The Washington Post’s Gene Weingarten Discovers the True Adam and Eve Story

Was Eve made from Adam’s rib or some other part?


This mosaic from the Cathedral of Monreale, Sicily, depicts the creation of woman in the Bible. Eve is shown emerging from Adam’s side.

Pulitzer Prize-winning journalist Gene Weingarten has discovered the true origin of the story of Eve.

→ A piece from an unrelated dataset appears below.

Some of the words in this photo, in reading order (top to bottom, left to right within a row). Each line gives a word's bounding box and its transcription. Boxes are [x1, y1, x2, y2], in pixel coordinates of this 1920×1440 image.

In his latest weekly humor column “Below the Beltway” featured in the Washington Post Magazine and newspapers around the country, Weingarten discusses Ziony Zevit’s article “Was Eve Made from Adam’s Rib—or His Baculum?” from the September/October 2015 issue of Biblical Archaeology Review.

According to the Bible’s creation account, after making the heavens and the earth, God created humankind. The story of Adam and Eve in Genesis 2 states that God formed Adam out of the dust of the ground, and then Eve was created from one of Adam’s ribs. But was it really his rib? Ziony Zevit, Distinguished Professor of Biblical Literature and Northwest Semitic Languages at American Jewish University in Bel-Air, California, examines this question in his BAR article. And the answer is “No.”

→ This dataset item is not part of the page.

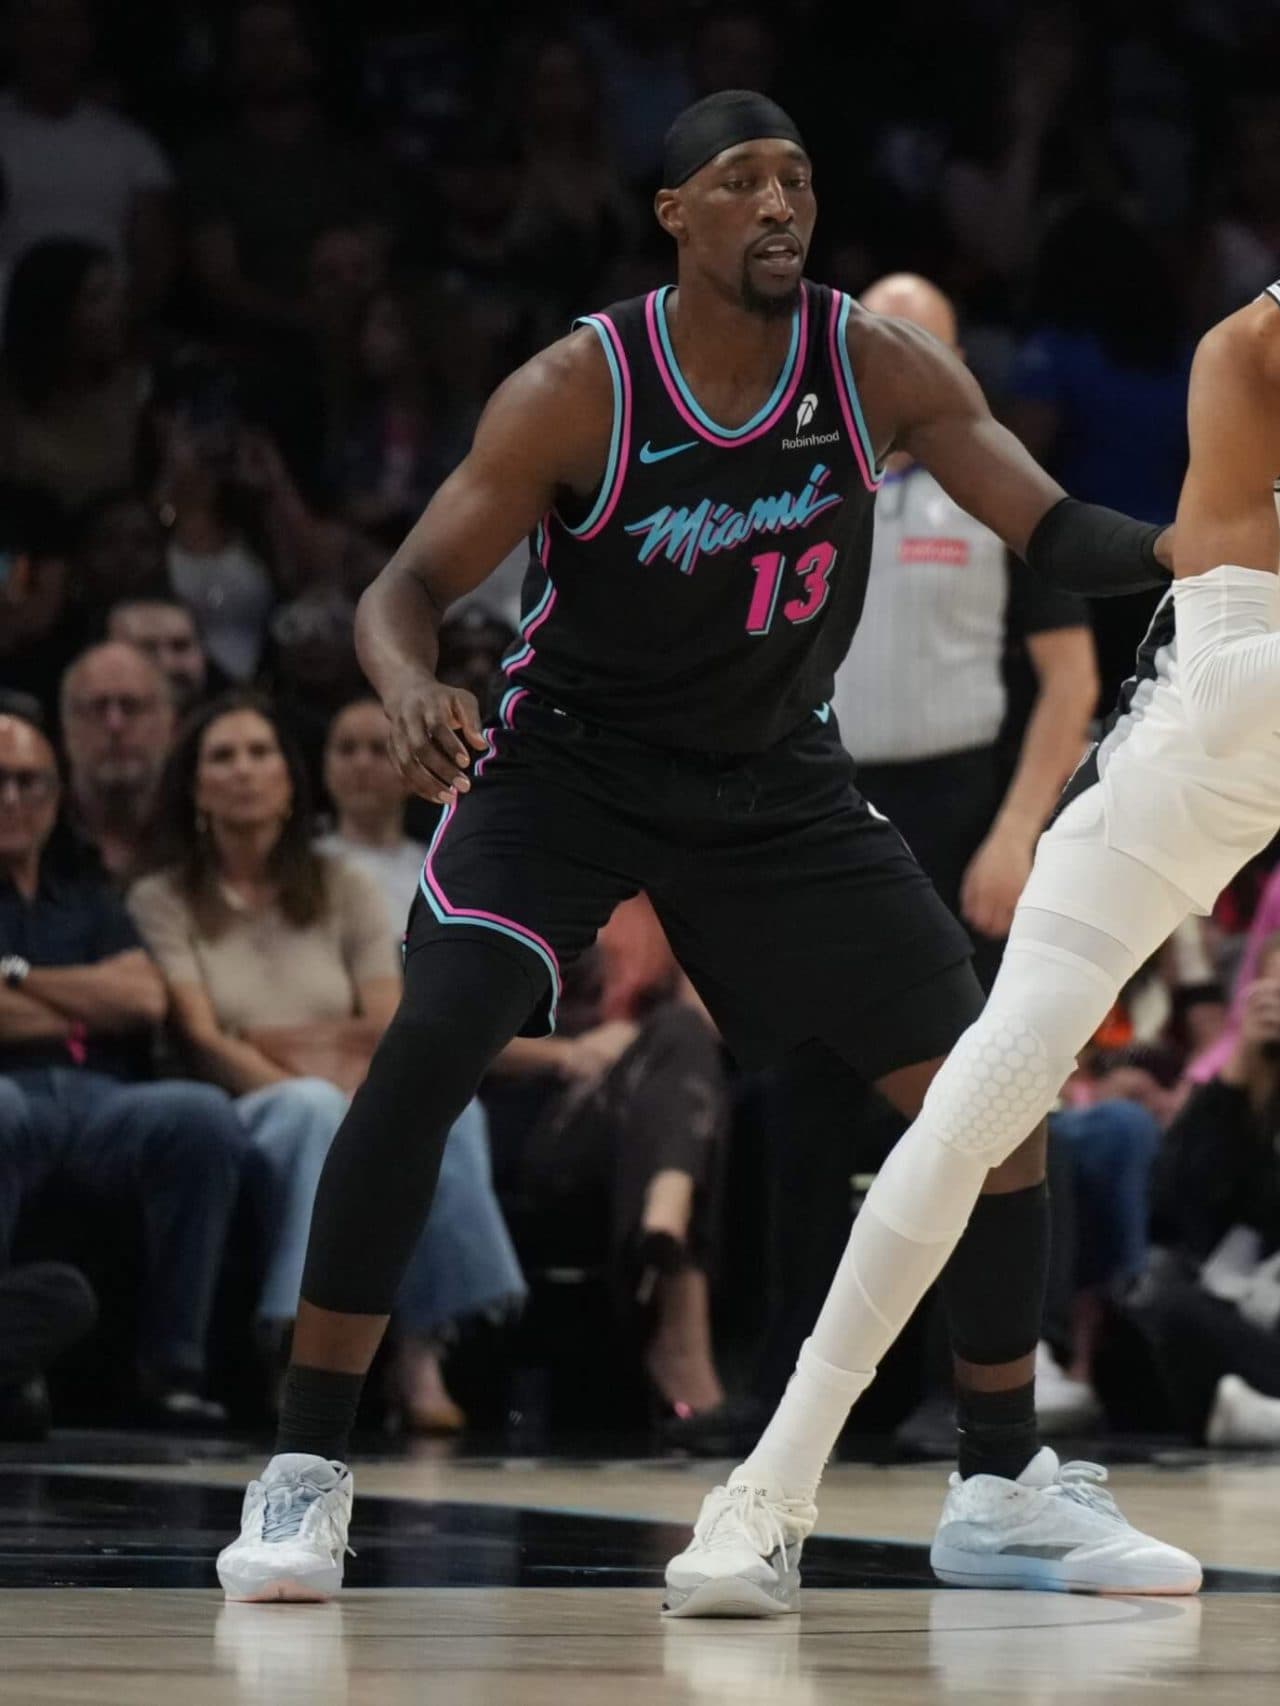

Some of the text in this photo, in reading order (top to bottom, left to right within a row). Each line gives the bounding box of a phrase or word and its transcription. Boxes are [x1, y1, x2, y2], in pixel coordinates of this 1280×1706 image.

As the point where three of the world’s major religions converge, Israel’s history is one of the richest and most complex in the world. Sift through the archaeology and history of this ancient land in the free eBook Israel: An Archaeological Journey, and get a view of these significant Biblical sites through an archaeologist’s lens.

The Hebrew word traditionally translated “rib” is tsela‘. Biblical scholar Ziony Zevit says that this translation is clearly wrong, and many scholars agree. It was first translated as “rib” in the Septuagint, a Greek translation of the Hebrew Bible from the mid-third century B.C.E. However, a more careful reading of the supposed Hebrew word for “rib” in the Adam and Eve story indicates that Eve was created from another, very different, part of Adam’s anatomy—his os baculum (penis bone).

“Instantly, I knew this article was important,” writes Weingarten. “That is because it finally explained the origin of a common fallacy, a spectacularly stupid bit of scientific misinformation under which I had labored for the first 16 years of my life until a high school bio class set me straight: Men are not short one rib, as the creation myth implies. Men and women have the same number.”


Related reading in Bible History Daily:

The Adam and Eve Story: Eve Came From Where?

The Creation of Woman in the Bible

Should We Take Creation Stories in Genesis Literally?

Cain and Abel in the Bible
Bible Review’s Supporting Roles by Elie Wiesel

What Happened to Cain in the Bible?

Who Was the Wife of Cain?


42 Responses

  1. Pat Collins says:

    Who knew there was a bone in the penis. Some of us were apparently left out.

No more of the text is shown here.